John lived to a very old age and died with virtually no money. Some said it was too bad: all the weary old man left behind was a pair of patched wool suits, a battered and stained Bible, a skinned old mare, and the worldwide Methodist Church. Methodism eventually numbered some eighteen million members of the middle class from London to Singapore and Sydney, from Cape Town to Chicago, Hong Kong and San Francisco and almost everywhere in between. All because the somewhat ditzy teenager matured spiritually enough to emerge from the shadows of a narcissistic society and a church that had fallen into the clutches of the Empire’s ruthless aristocracy who used and abused the clergy and faithful.

The rush of devout methodical believers who worked systematically to improve their faith, hope, and love soon caused England to free its slaves, opening free classes on Sunday afternoons to teach reading, writing, mathematics, and religion to children of all classes, helping the poor to escape poverty. teaching them trades and creating a constitutional monarchy with a strong House of Commons elected by the people to counter the highly elitist hereditary House of Lords.

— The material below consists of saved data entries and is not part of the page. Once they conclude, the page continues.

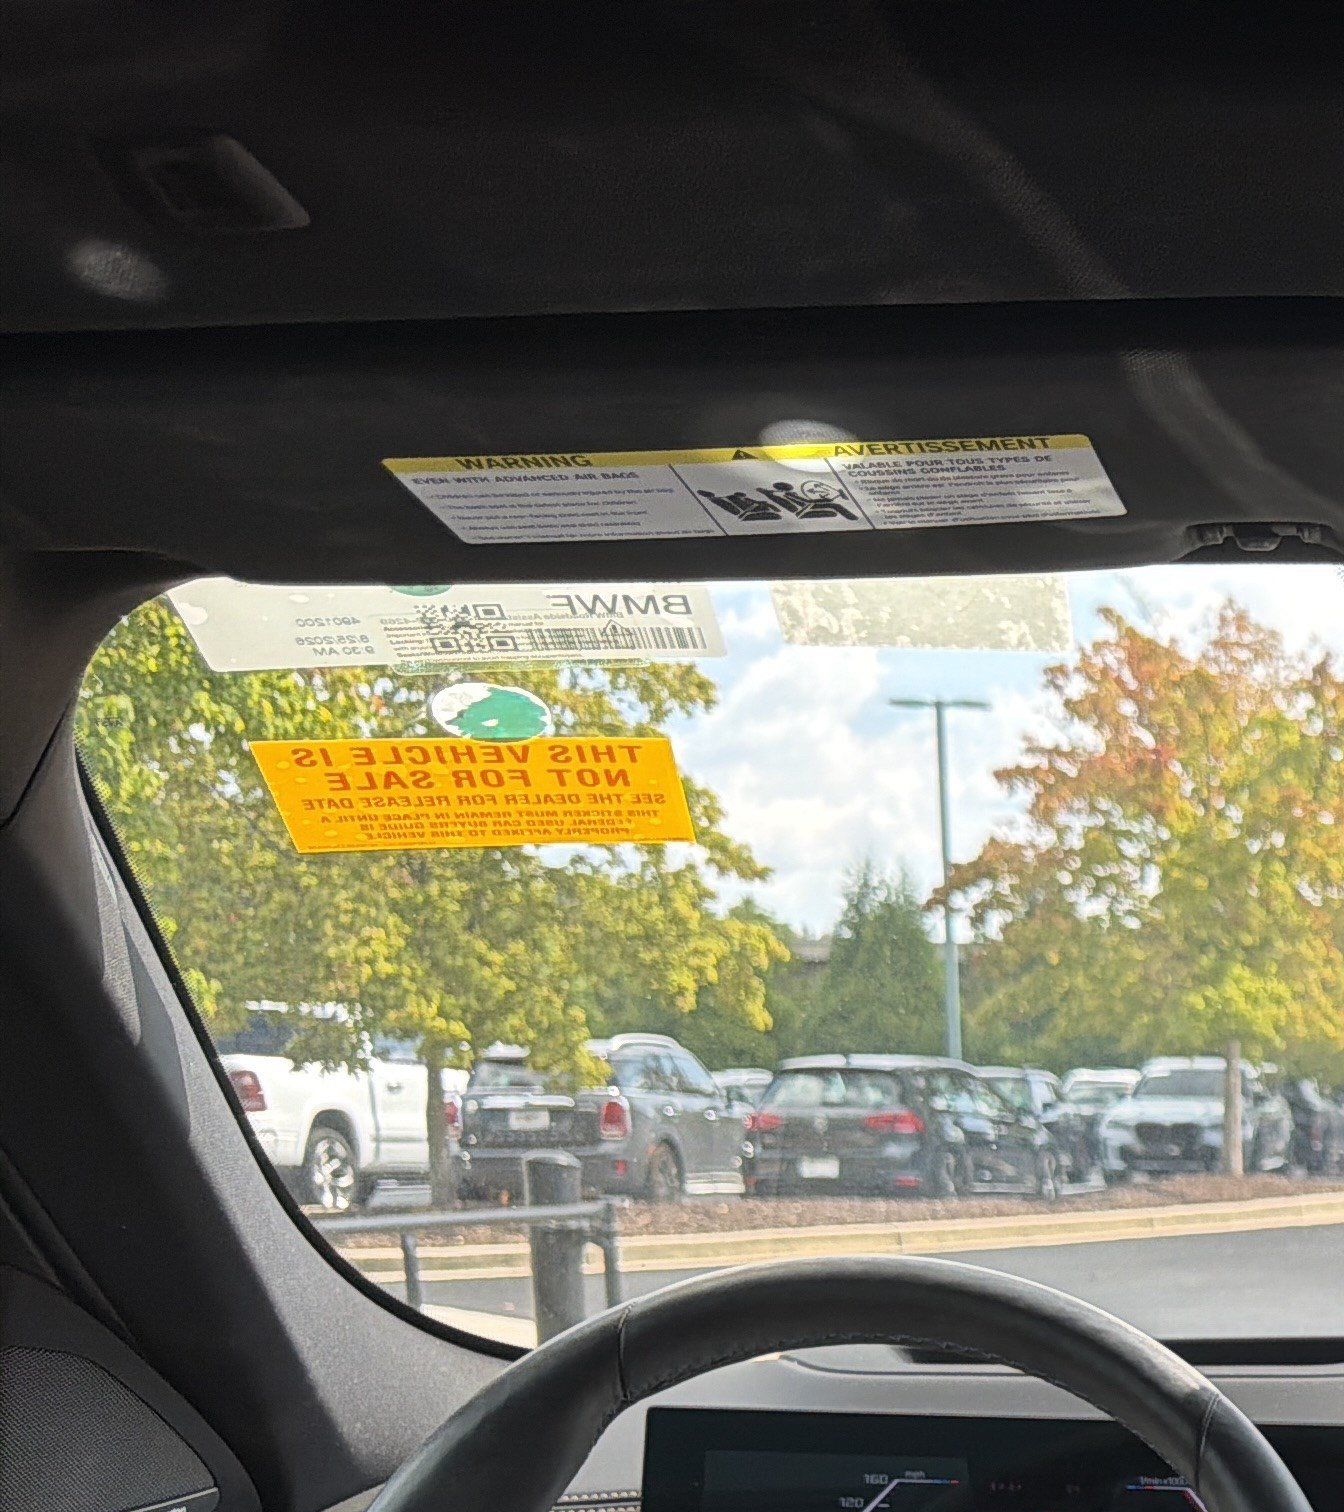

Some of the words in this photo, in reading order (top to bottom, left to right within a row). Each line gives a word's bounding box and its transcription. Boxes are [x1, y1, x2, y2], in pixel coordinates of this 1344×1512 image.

[833, 437, 1051, 458] AVERTISSEMENT
[454, 454, 593, 470] WARNING
[842, 460, 902, 470] VALABLE
[905, 459, 943, 468] POUR
[948, 457, 984, 466] TOUS
[988, 455, 1030, 464] TYPES
[1034, 454, 1052, 463] DE
[411, 476, 449, 485] EVEN
[452, 475, 490, 485] WITH
[495, 473, 569, 484] ADVANCED
[574, 472, 597, 481] AIR
[601, 471, 639, 480] BAGS
[864, 1473, 888, 1485] 160
[839, 1497, 864, 1508] 120

The Wesleyan conviction that spiritual worship and social responsibilities go together, like a violinist’s right and left hands, had a great impact in the English-speaking world. For example, throughout our civilization, there was hardly a city without several Methodist churches, a Methodist hospital, free orphanages, a Wesleyan college, and charities of various kinds.

Not too bad a legacy for a poor country preacher who could spare not a shilling, but who saved a nation from a bloody revolution with his Lord’s message of faith and grace, as he traversed cold and misty England, covering more than twenty thousand miles on horseback during his deeply satisfying ministry of sixty years.

And two hundred years later, when Haim Ginott (clinical psychologist and child therapist) named someone he felt had become a self-actualizing leader, he named John Wesley as someone who had given his best to the people he was among. lived, loved and belonged

Unfortunately, the church has not always been as spiritual as it was under devoted leaders like John and Charles Wesley, along with others like Luther, Whitfield, Arminius, Finny, Moody, Graham, King, and more, each with a fire for God and the people in her womb! Of course, it doesn’t take long for narcissistic users and abusers to find opportunities for themselves by moving in and controlling something as loosely organized and generous with their love, time, and money as the church. The probably apocryphal story goes that a Renaissance pope was showing one of Europe’s powerful monarchs through his treasury chambers under the Vatican which were filled with treasures of silver, gold and precious jewels. He smiled proudly and boasted;

We can no longer say with Jesus: silver and gold we do not have. Then, the grumpy old Emperor grunted and retorted bitterly;

Nor can you say to lame men and women: ‘In the name of Jesus of Nazareth, we command you to get up, pick up your stretcher and walk!’